I believe that every person placing a dog into a home has an obligation to use care in placing that dog. I believe that because they have control over the animal that they have responsibility for their choice in placing that dog. That would be true whether the person placing the dog is a responsible breeder, a casual breeder, a rescue, a commercial breeder or a retail seller (pet shop). This is important because their choices will make a difference over whether that animal lives a long and healthy life, or whether it lives much of a life at all.
A responsible person placing a dog does what they can do to improve the chance that the placement will succeed, and that the dog will not end up dying in a shelter. Of course the person acquiring the dog has responsibilities. But the person placing the dog is obliged to try to avoid placing the dog with someone who will fail in those responsibilities.
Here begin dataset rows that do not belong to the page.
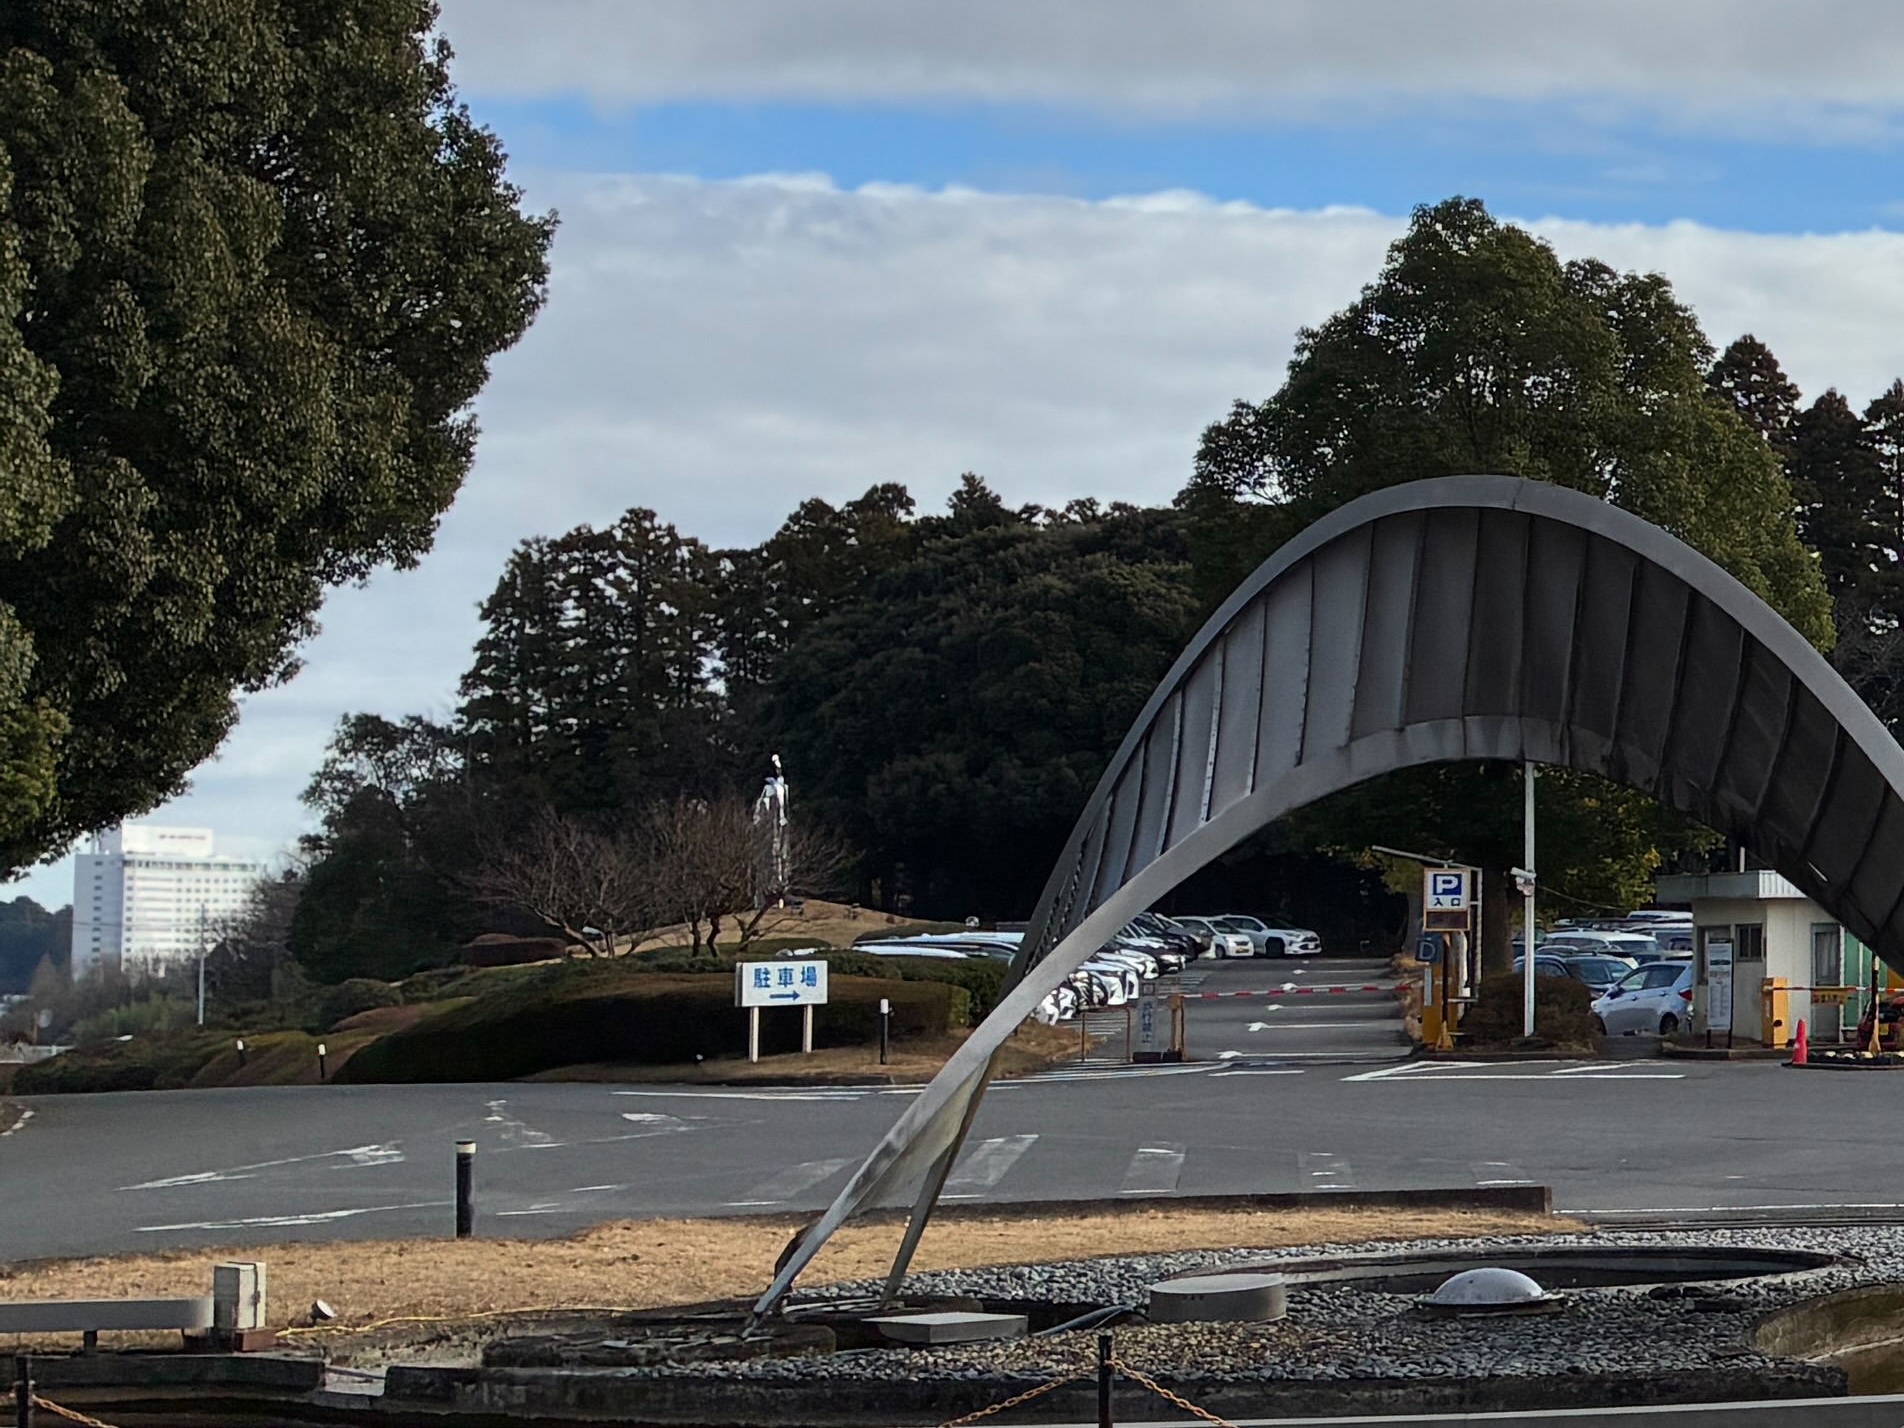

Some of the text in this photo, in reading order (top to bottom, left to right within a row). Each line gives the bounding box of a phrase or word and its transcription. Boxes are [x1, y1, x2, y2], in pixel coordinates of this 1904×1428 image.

[1436, 875, 1459, 894] P
[1434, 897, 1461, 907] 入口
[1419, 940, 1436, 960] D
[754, 965, 817, 988] 駐車場
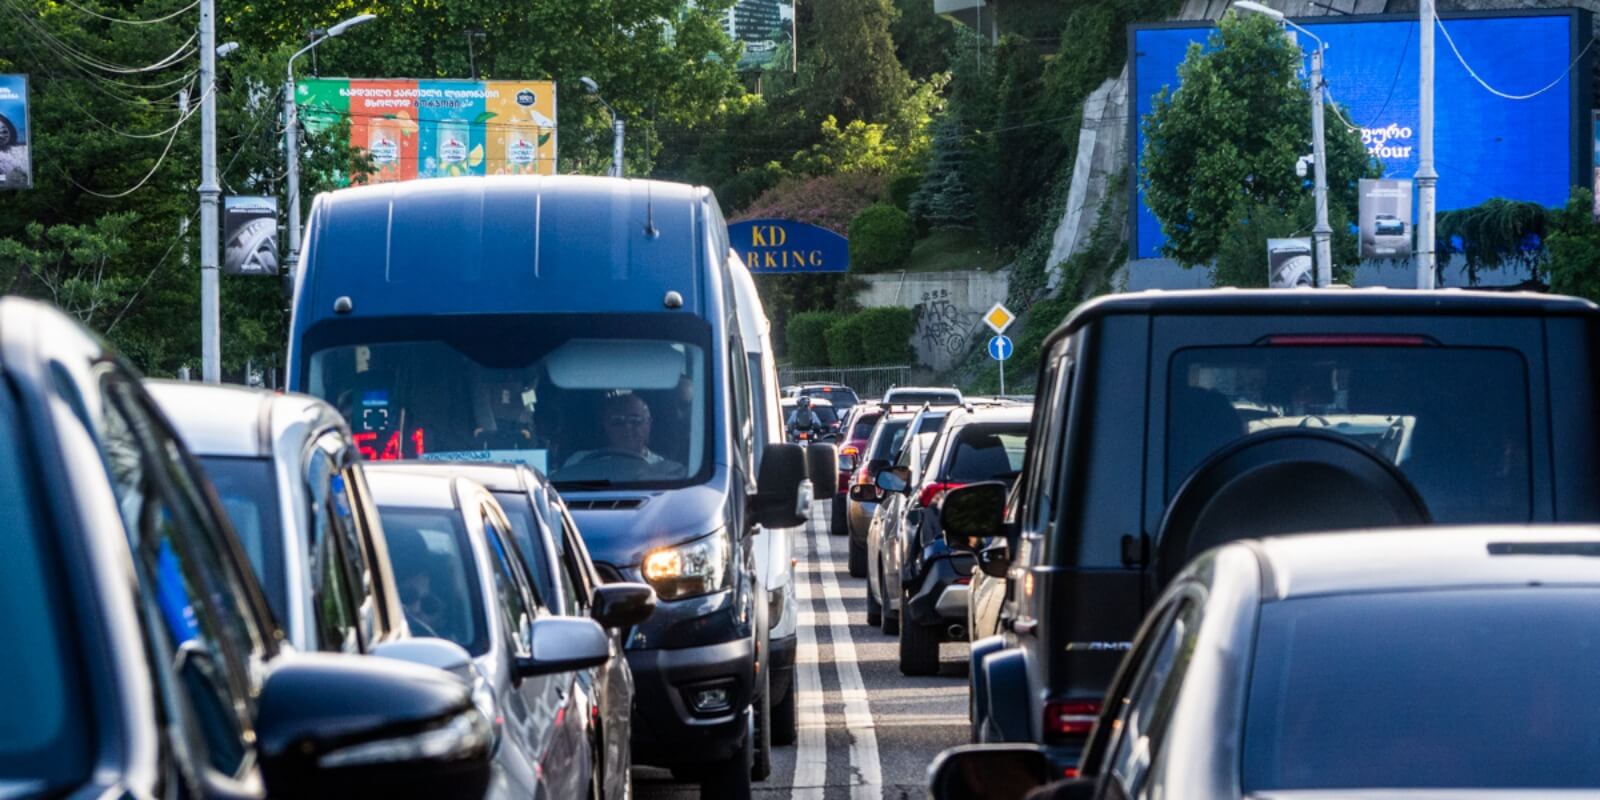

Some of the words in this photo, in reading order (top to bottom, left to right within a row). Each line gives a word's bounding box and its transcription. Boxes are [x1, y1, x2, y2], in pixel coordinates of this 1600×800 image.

[752, 225, 786, 247] KD
[747, 249, 823, 268] RKING
[352, 427, 424, 461] 541
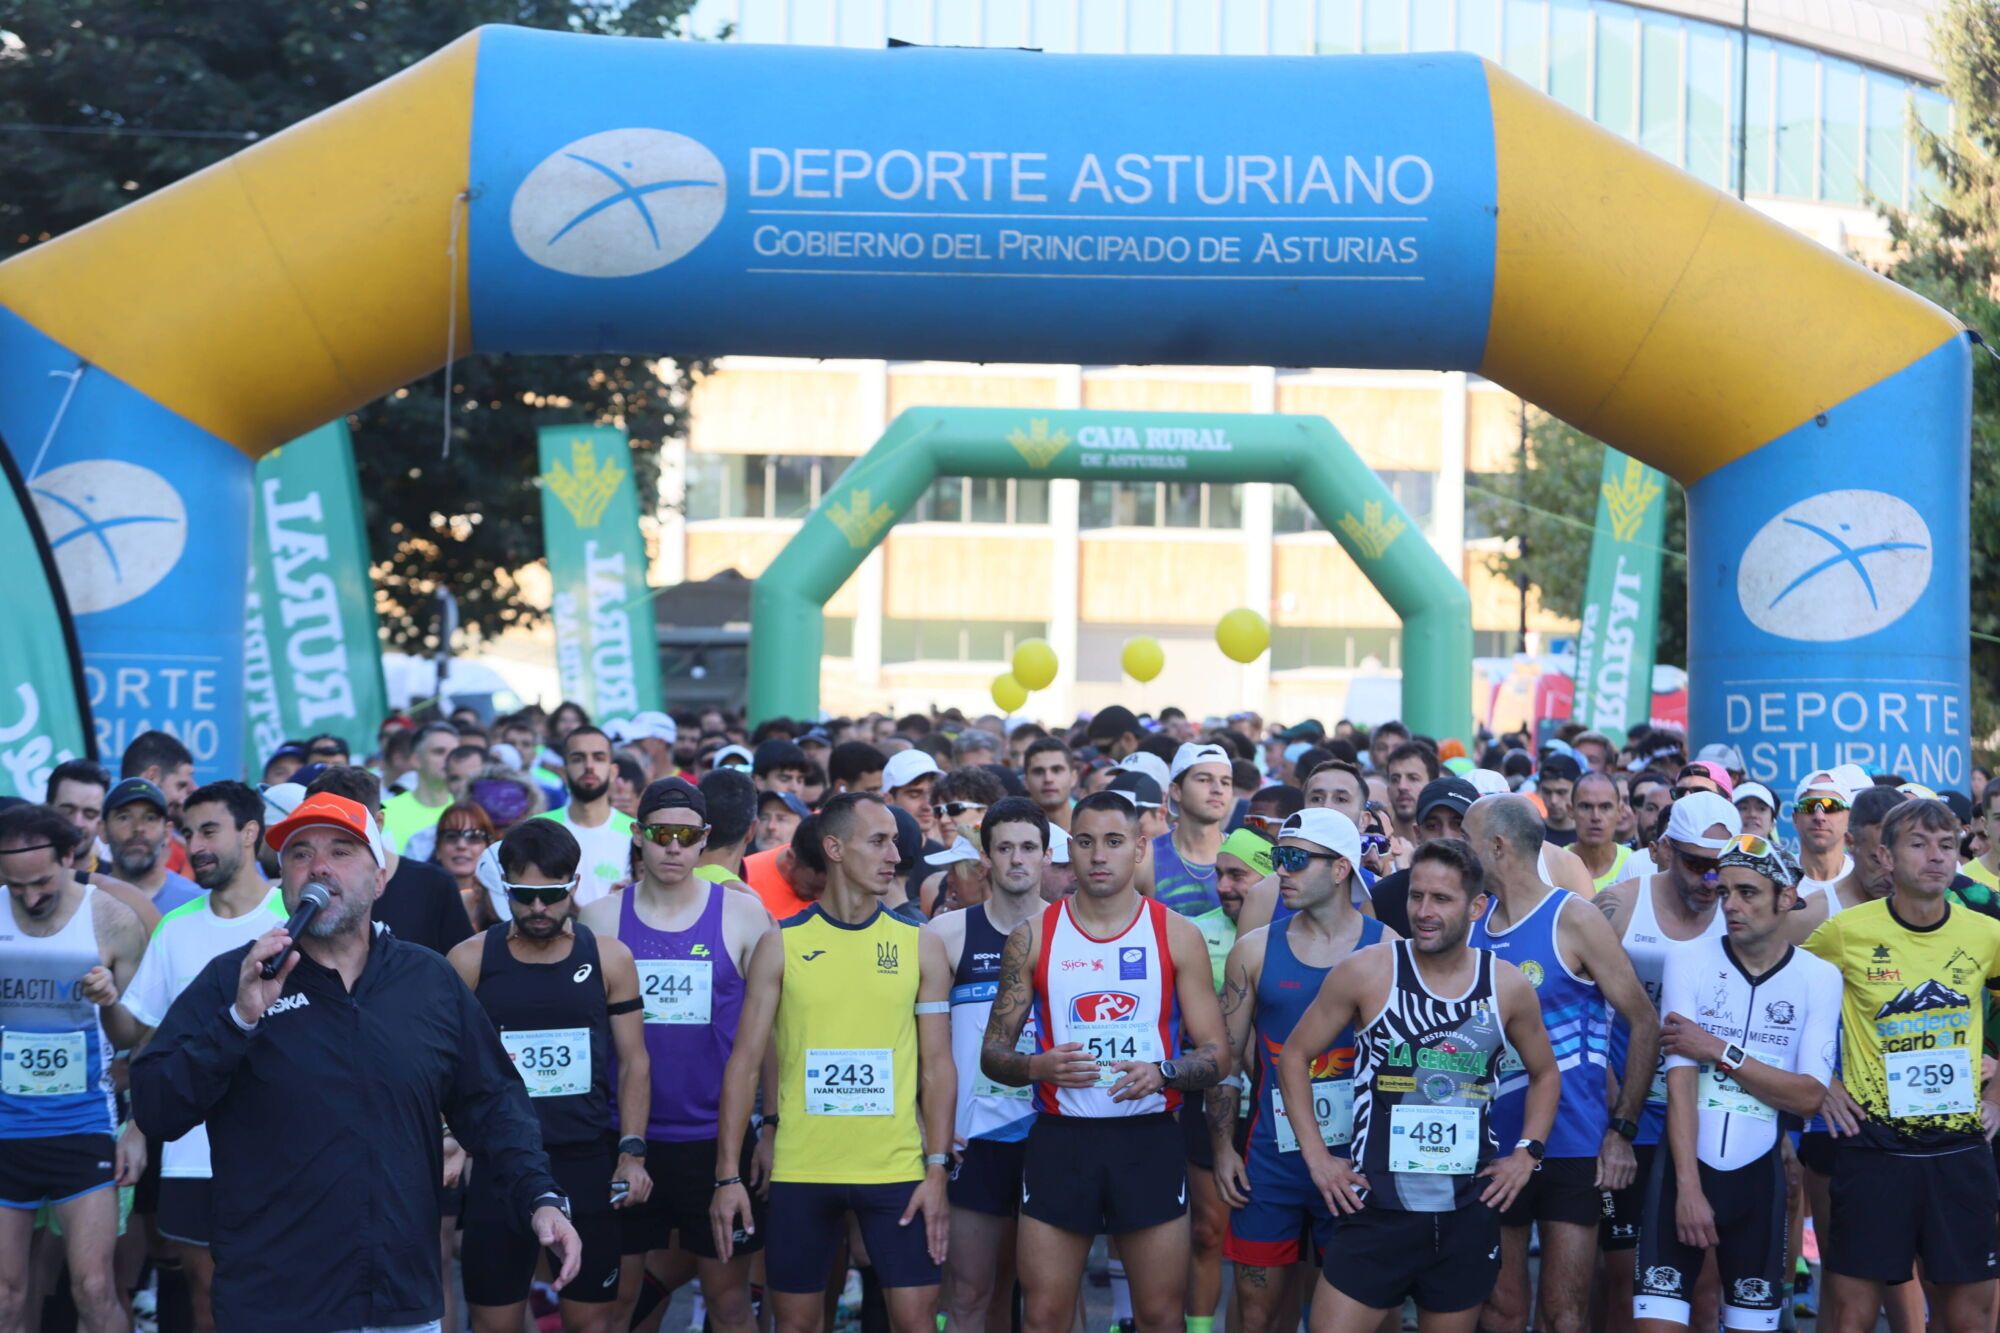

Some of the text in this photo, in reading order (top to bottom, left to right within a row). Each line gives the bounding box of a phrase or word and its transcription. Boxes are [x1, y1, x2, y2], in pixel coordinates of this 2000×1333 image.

[749, 147, 1434, 205] DEPORTE ASTURIANO
[753, 225, 1418, 263] GOBIERNO DEL PRINCIPADO DE ASTURIAS
[1077, 426, 1232, 451] CAJA RURAL
[1727, 691, 1960, 735] DEPORTE
[645, 974, 693, 996] 244
[1876, 1011, 1970, 1037] senderos
[1088, 1036, 1137, 1058] 514
[1419, 1030, 1479, 1050] RESTAURANTE
[1749, 1030, 1791, 1047] MIERES
[20, 1048, 68, 1069] 356
[522, 1045, 571, 1069] 353
[1388, 1038, 1412, 1067] LA
[824, 1064, 874, 1086] 243
[1906, 1063, 1954, 1087] 259
[813, 1087, 886, 1095] IVAN KUZMENKO
[1409, 1121, 1457, 1145] 481
[1419, 1145, 1451, 1153] ROMEO
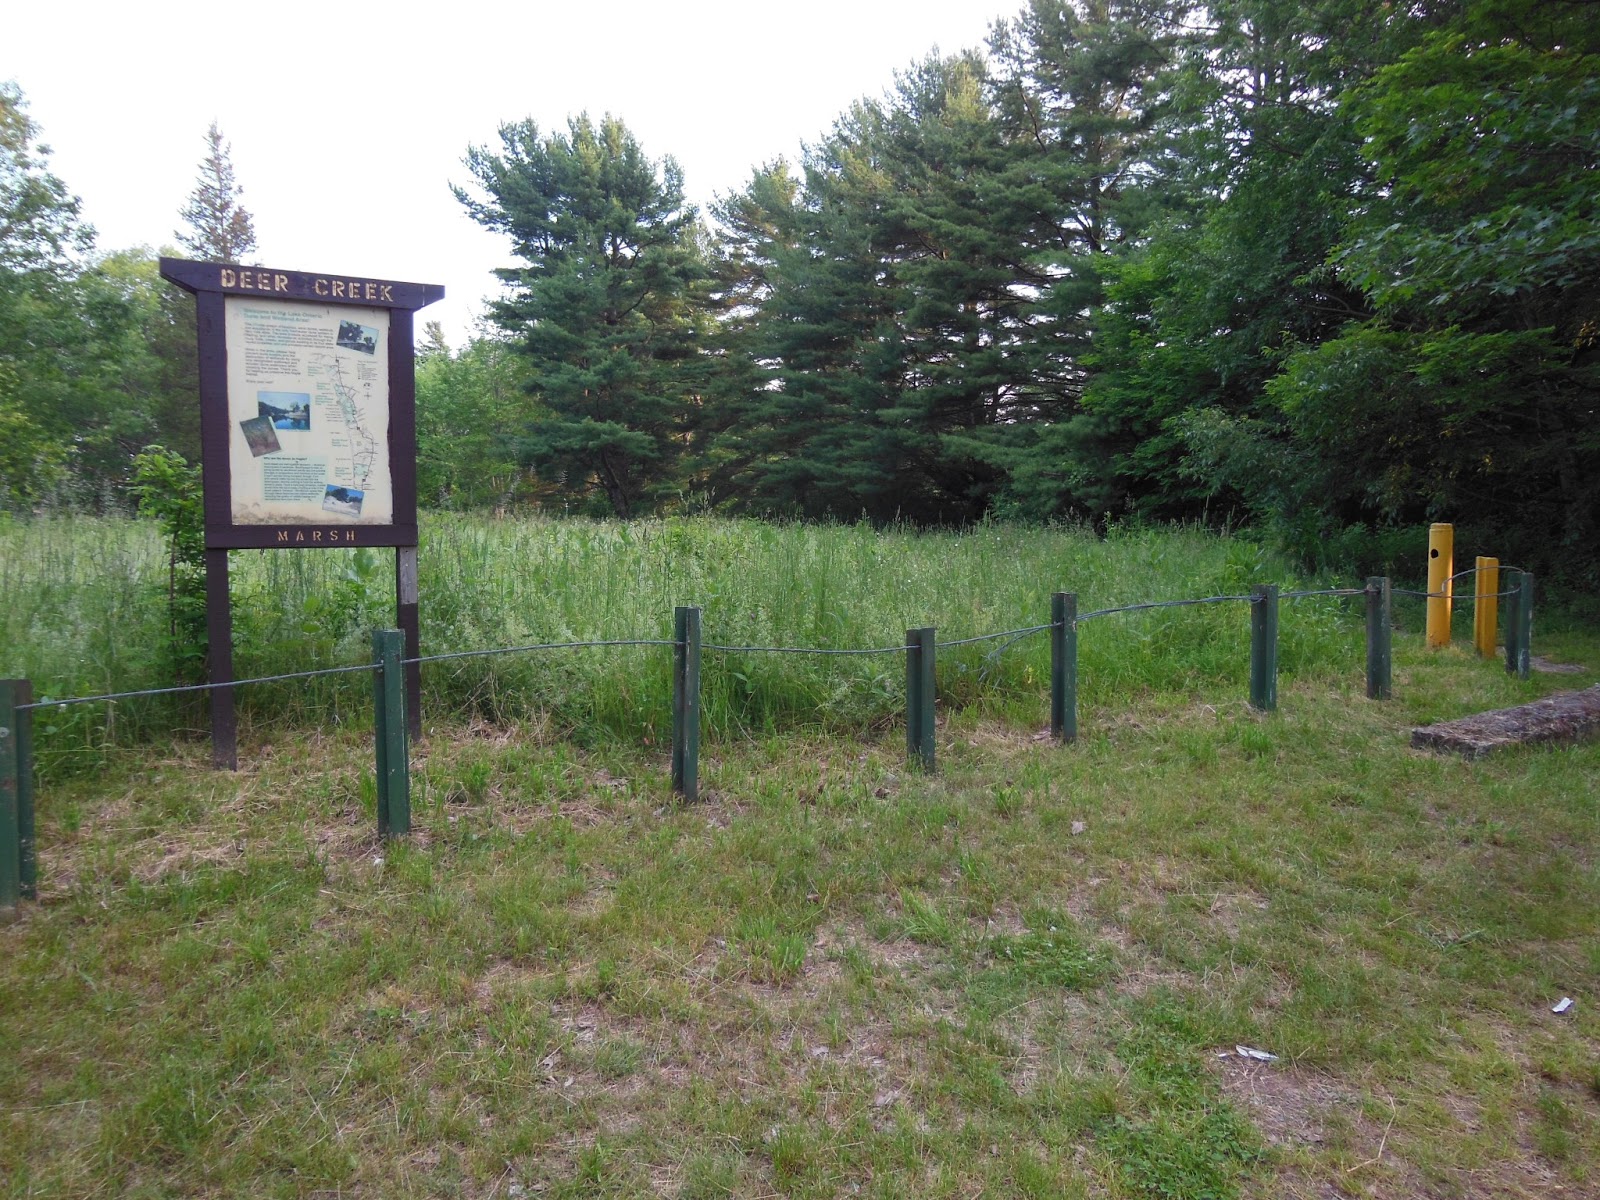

Even the best shops probably can't or won't take steps to reduce the risks the dog will later get dumped in a shelter. By age 2 approximately 65% of dogs acquired as puppies are either re-homed or dumped in the shelter. Care in making a good match initially, and support with problems, have a significant influence on reducing that risk. The problem of bad placement contributing to the appalling number of dogs we kill in shelters is not limited to dogs purchased from pet shops. The same problem occurs when people breed the family pet then place the puppies. For information on how pets end up in shelters see the collection of links on What Dogs End Up in the Shelters? So the issue is not limited to the origin of the puppies but also what happens after the sale.
Hello, I am all for the ethical treatment of animals, perhaps there should be breeder qualification or licensing of pet shops.
I disagree. I think people should be educated into what kind of breeding and placement choices affect the risks that a dog will be (a) unhealthy (b) end up costing taxpayers money for sheltering then placing of killing the animal. And people should know what kind of lives the parents of their puppies lead in order to produce that puppy. It is then up to the buyer select their seller based on what choices they want to encourage in a seller. Passing a law does nothing to educate. People comply (or don't) because the law says so, not because they understand what is needed and why. That means they can (and usually do) make the same bad choices.
However you really should think a little more. Your line of thinking incriminates someone who buys a dog simply because its for sale!!!
I believe buyers have responsibility for the way in which their choice of seller can influence the health and welfare of pet animals.
I believe a buyer has a responsibility to learn what practices reduce the risk that an animal will end up in a shelter or crippled from genetic disease.
I believe a buyer has a responsibility to learn what practices increase the risk that an animal will end up in a shelter or crippled from genetic disease.
I believe that a buyer has a responsibility not to encourage practices that increase the risk that an animal will end up in a shelter
I believe that a buyer has a responsibility to try to learn about the health and welfare of the parent dogs producing the puppy for the benefit of the buyer.
The question is whether a person makes choices that tend to contribute to the problem or tend to support it.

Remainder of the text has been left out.